▸ Work task:
Omit the pictures from the listing below and print every remaining entry verbatim.

▸ Supplied data:

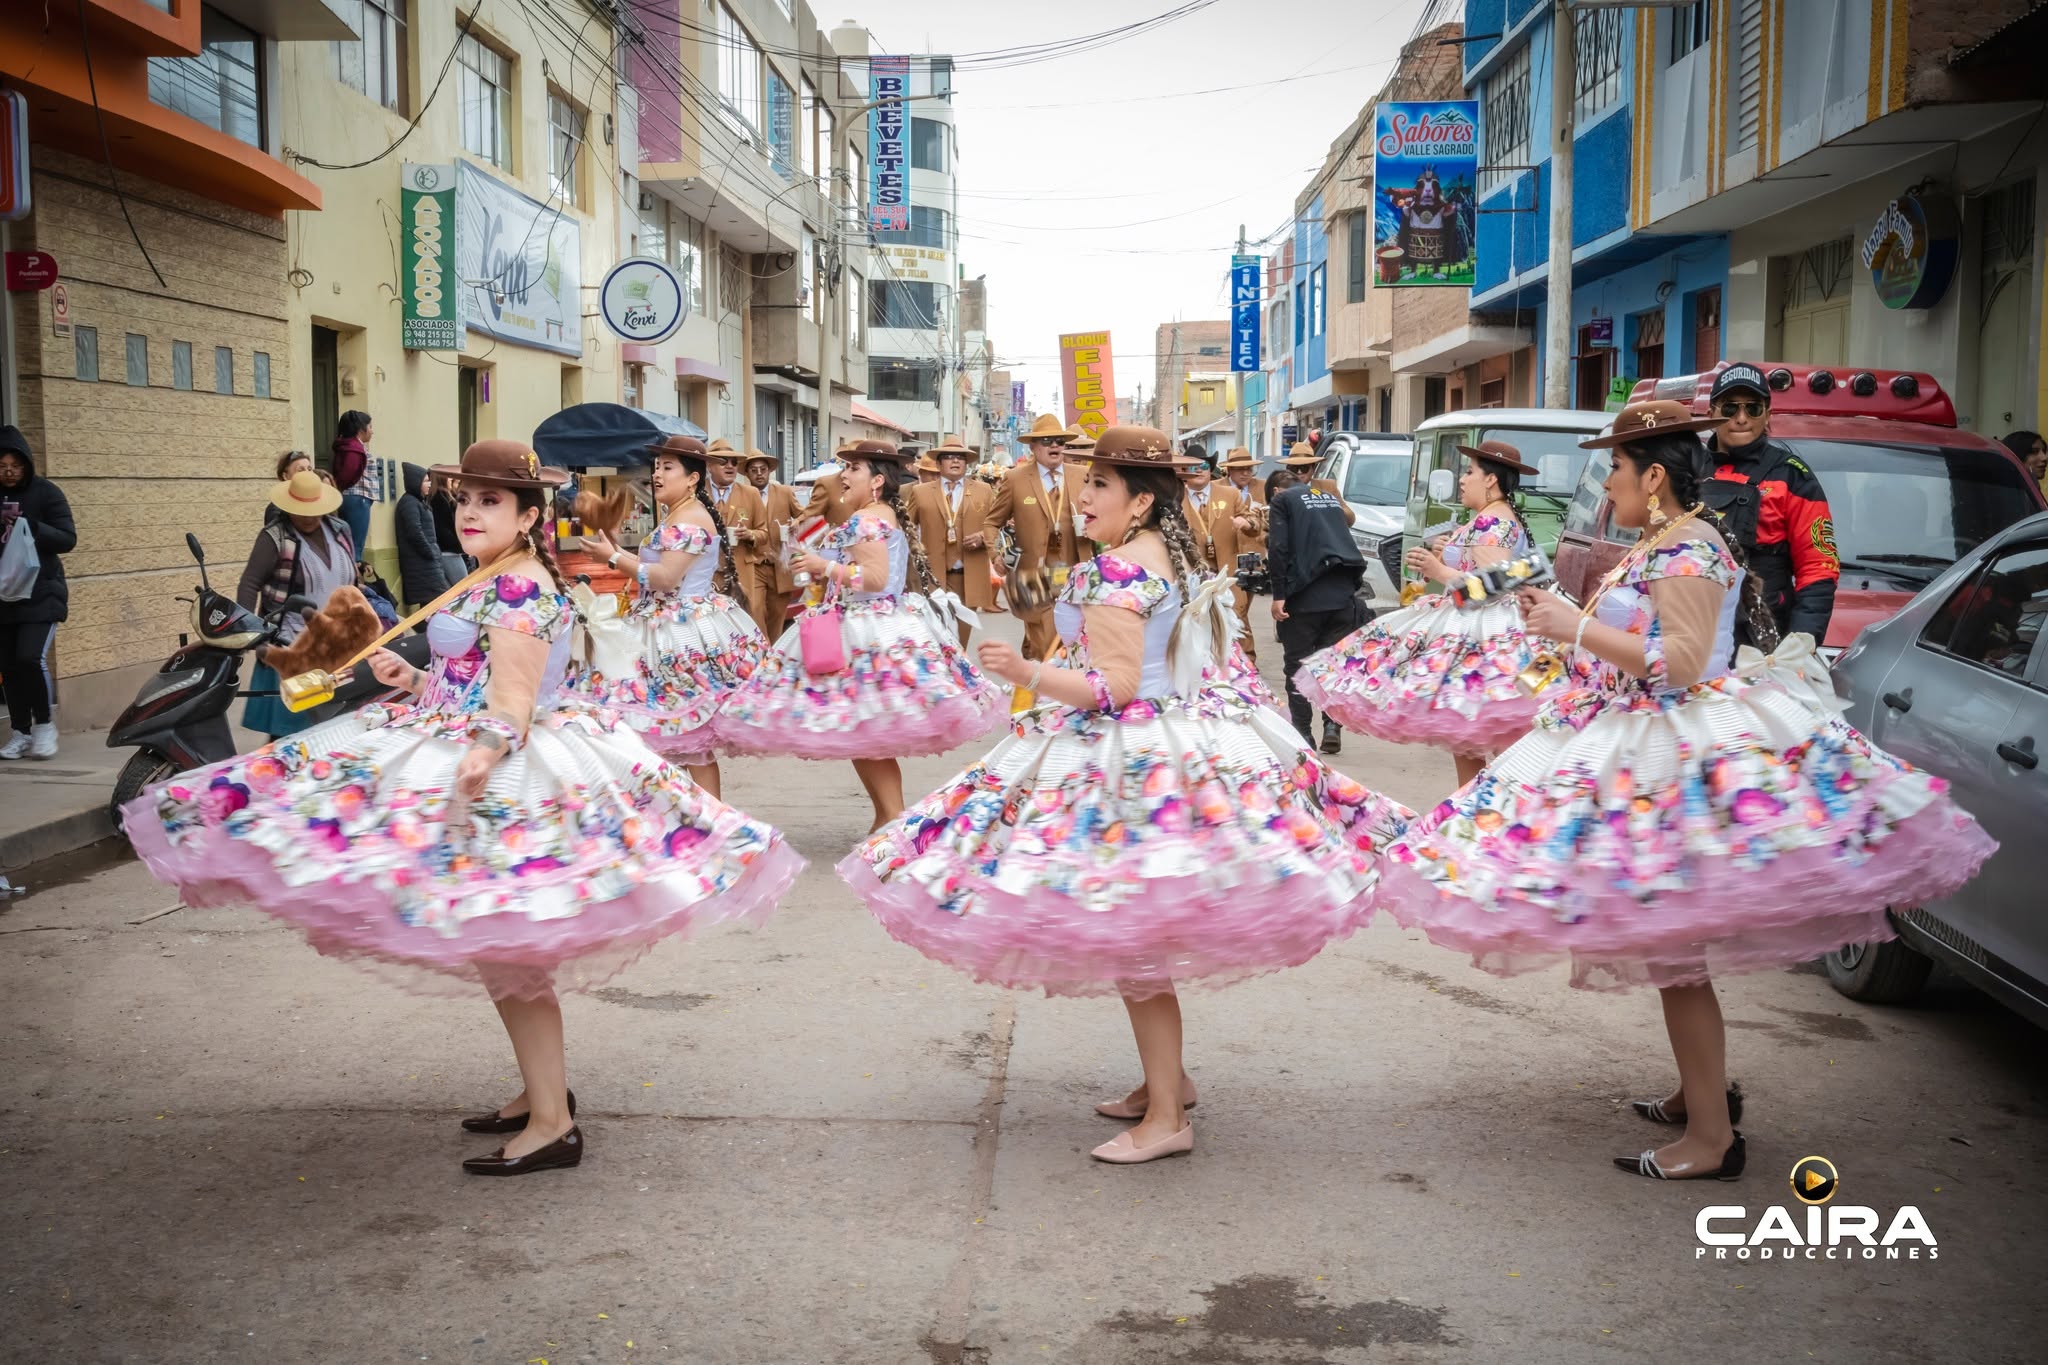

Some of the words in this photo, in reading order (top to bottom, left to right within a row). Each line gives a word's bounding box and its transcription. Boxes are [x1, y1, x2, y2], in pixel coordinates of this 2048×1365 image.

[876, 77, 903, 205] BREVETES
[1379, 114, 1473, 156] Sabores
[1404, 143, 1431, 156] VALLE
[1432, 143, 1475, 155] SAGRADO
[1862, 208, 1889, 270] Happy
[1888, 199, 1914, 260] Family
[413, 195, 443, 318] ABOGADOS
[404, 319, 455, 329] ASOCIADOS
[623, 311, 657, 330] Kenxi
[413, 330, 426, 338] 948
[441, 331, 455, 339] 829
[1062, 333, 1108, 348] BLOQUE
[1720, 366, 1761, 387] SEGURIDAD

▸ Final answer:
Some of the words in this photo, in reading order (top to bottom, left to right within a row). Each line gives a word's bounding box and its transcription. Boxes are [x1, y1, x2, y2], in pixel coordinates of this 2048×1365 image.

[876, 77, 903, 205] BREVETES
[1379, 114, 1473, 156] Sabores
[1404, 143, 1431, 156] VALLE
[1432, 143, 1475, 155] SAGRADO
[1862, 208, 1889, 270] Happy
[1888, 199, 1914, 260] Family
[413, 195, 443, 318] ABOGADOS
[404, 319, 455, 329] ASOCIADOS
[623, 311, 657, 330] Kenxi
[413, 330, 426, 338] 948
[441, 331, 455, 339] 829
[1062, 333, 1108, 348] BLOQUE
[1720, 366, 1761, 387] SEGURIDAD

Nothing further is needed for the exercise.